Work request: Every record below needs to be set down exactly. Pictures do not belong in the copy.

Exercise input:
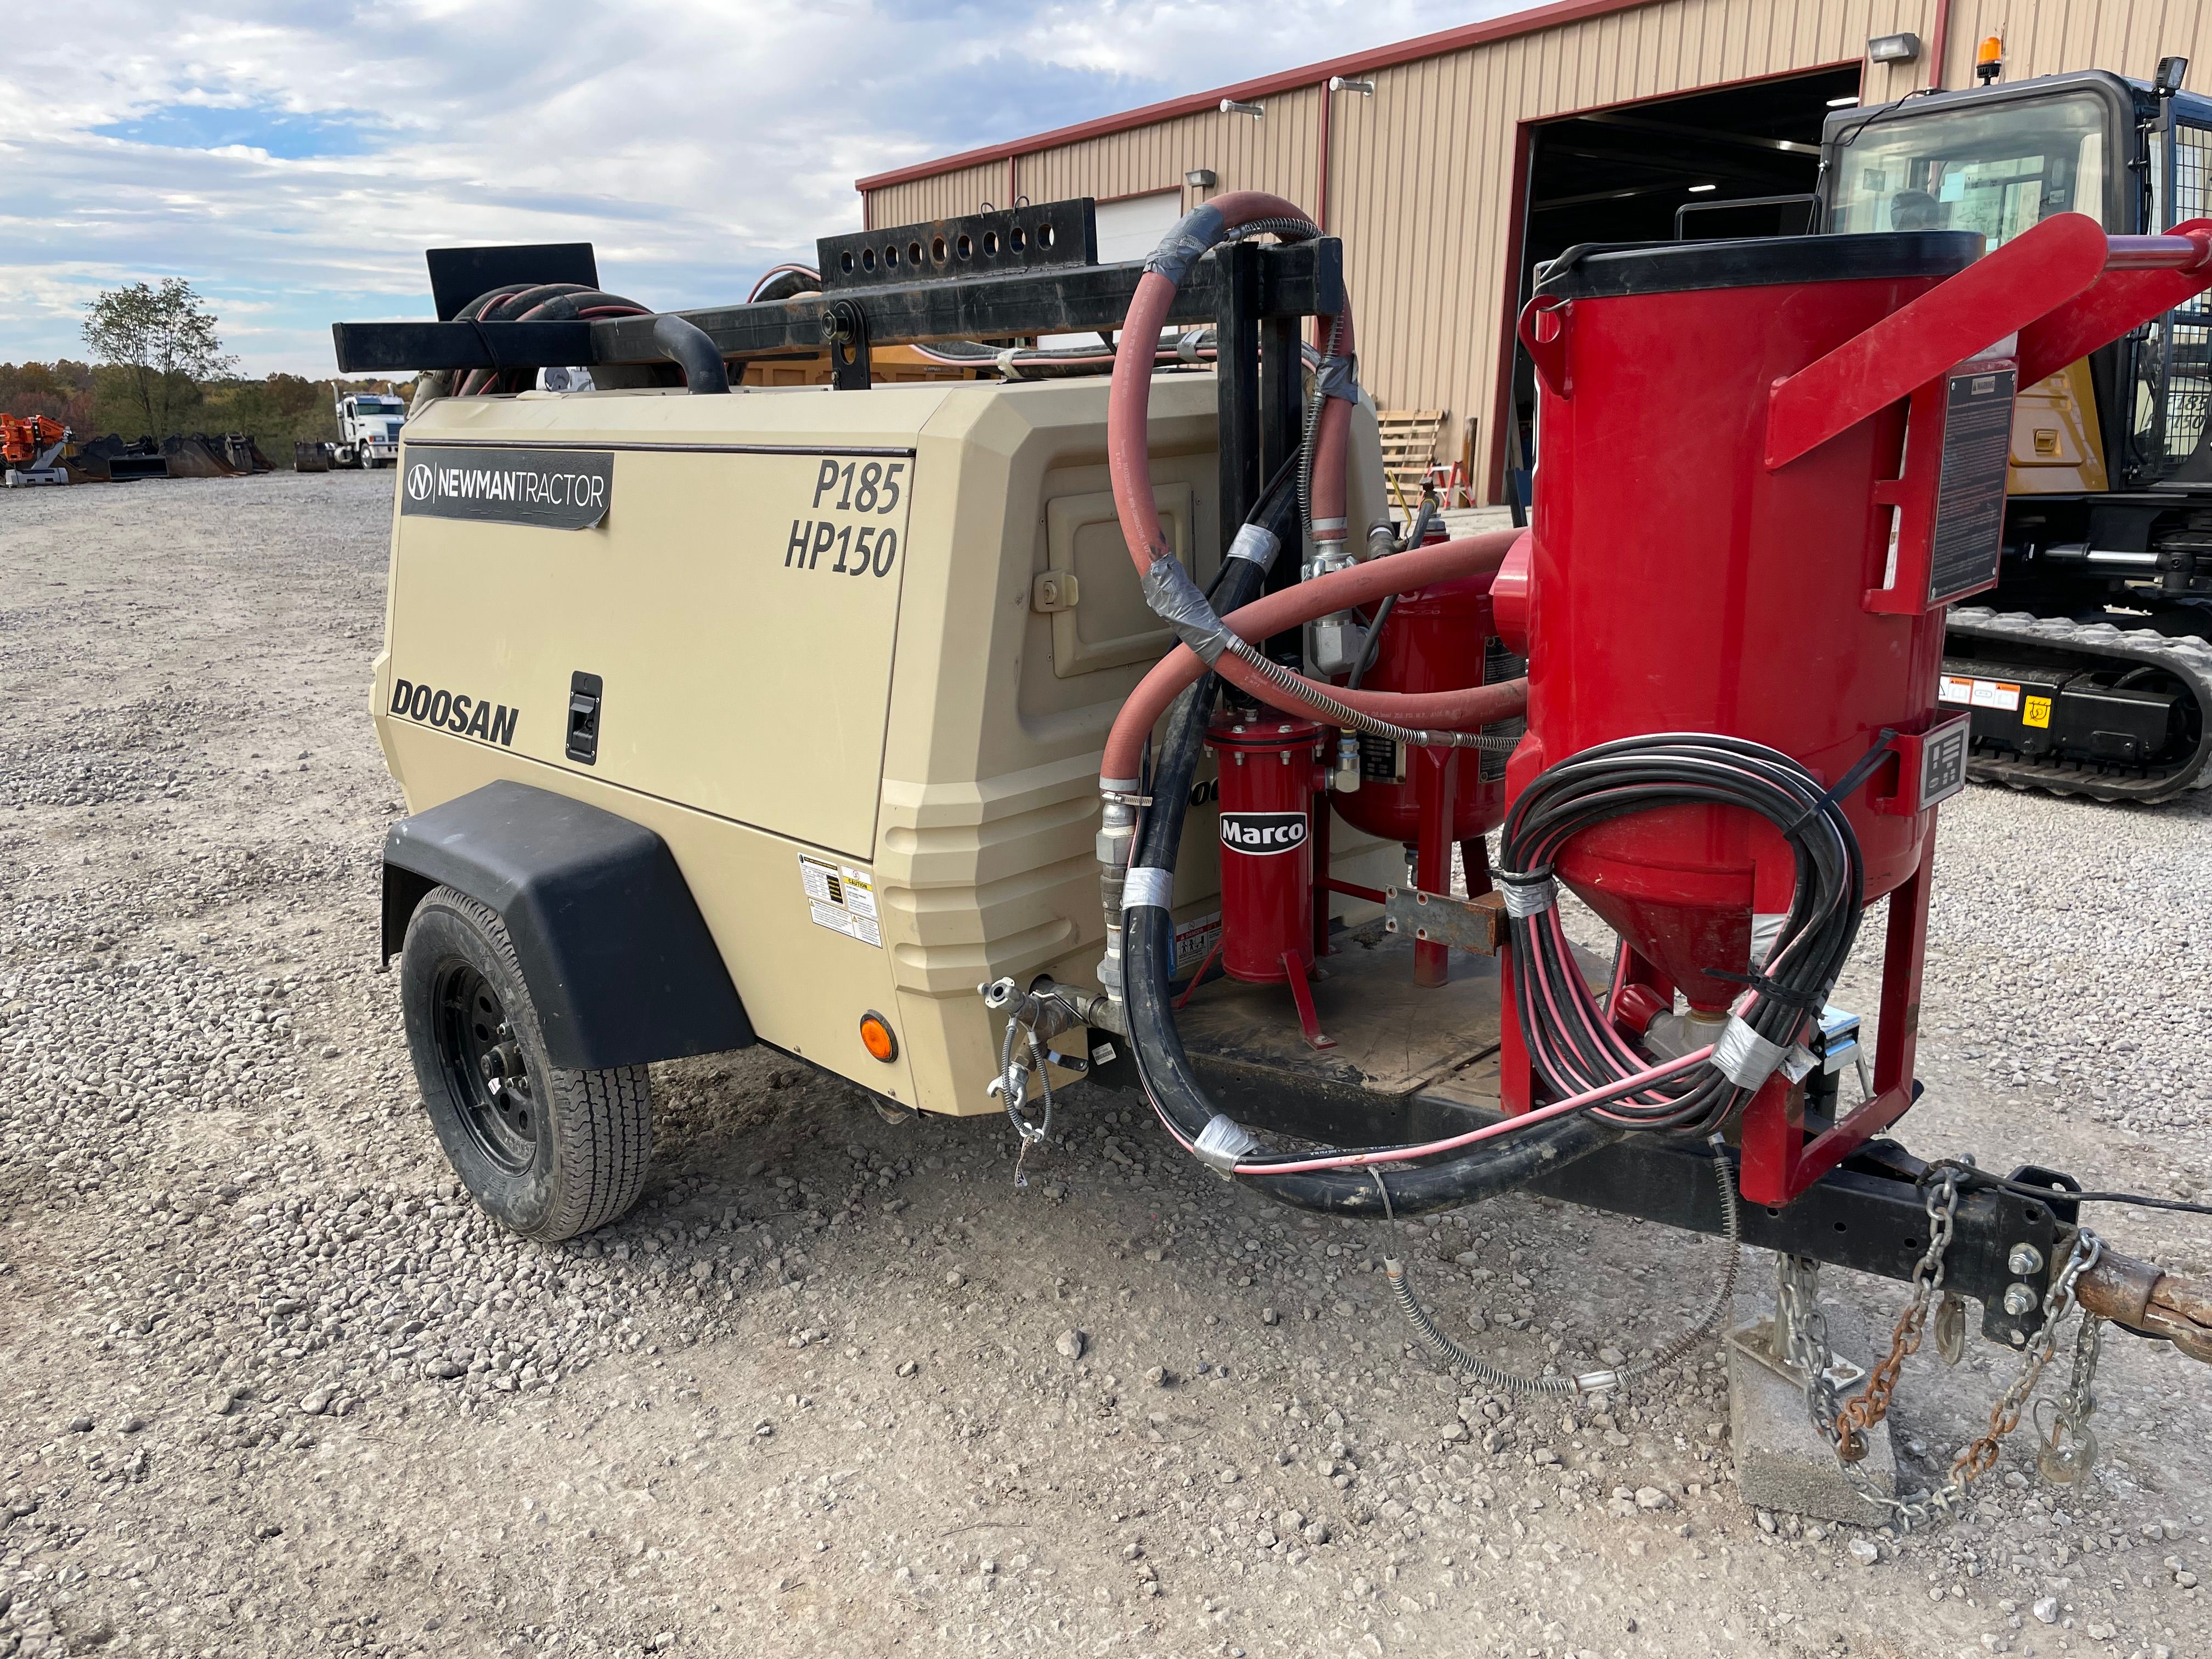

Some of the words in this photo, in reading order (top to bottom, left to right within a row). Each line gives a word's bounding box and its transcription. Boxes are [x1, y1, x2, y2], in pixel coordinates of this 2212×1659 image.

[812, 459, 905, 514] P185
[785, 520, 897, 578] HP150
[391, 679, 519, 747] DOOSAN
[1223, 819, 1304, 844] Marco
[848, 878, 867, 889] CAUTION
[1186, 928, 1203, 938] DANGER

Task response:
Some of the words in this photo, in reading order (top to bottom, left to right within a row). Each line gives a word's bounding box and its transcription. Boxes are [x1, y1, x2, y2], in pixel coordinates of this 2212×1659 image.

[812, 459, 905, 514] P185
[785, 520, 897, 578] HP150
[391, 679, 519, 747] DOOSAN
[1223, 819, 1304, 844] Marco
[848, 878, 867, 889] CAUTION
[1186, 928, 1203, 938] DANGER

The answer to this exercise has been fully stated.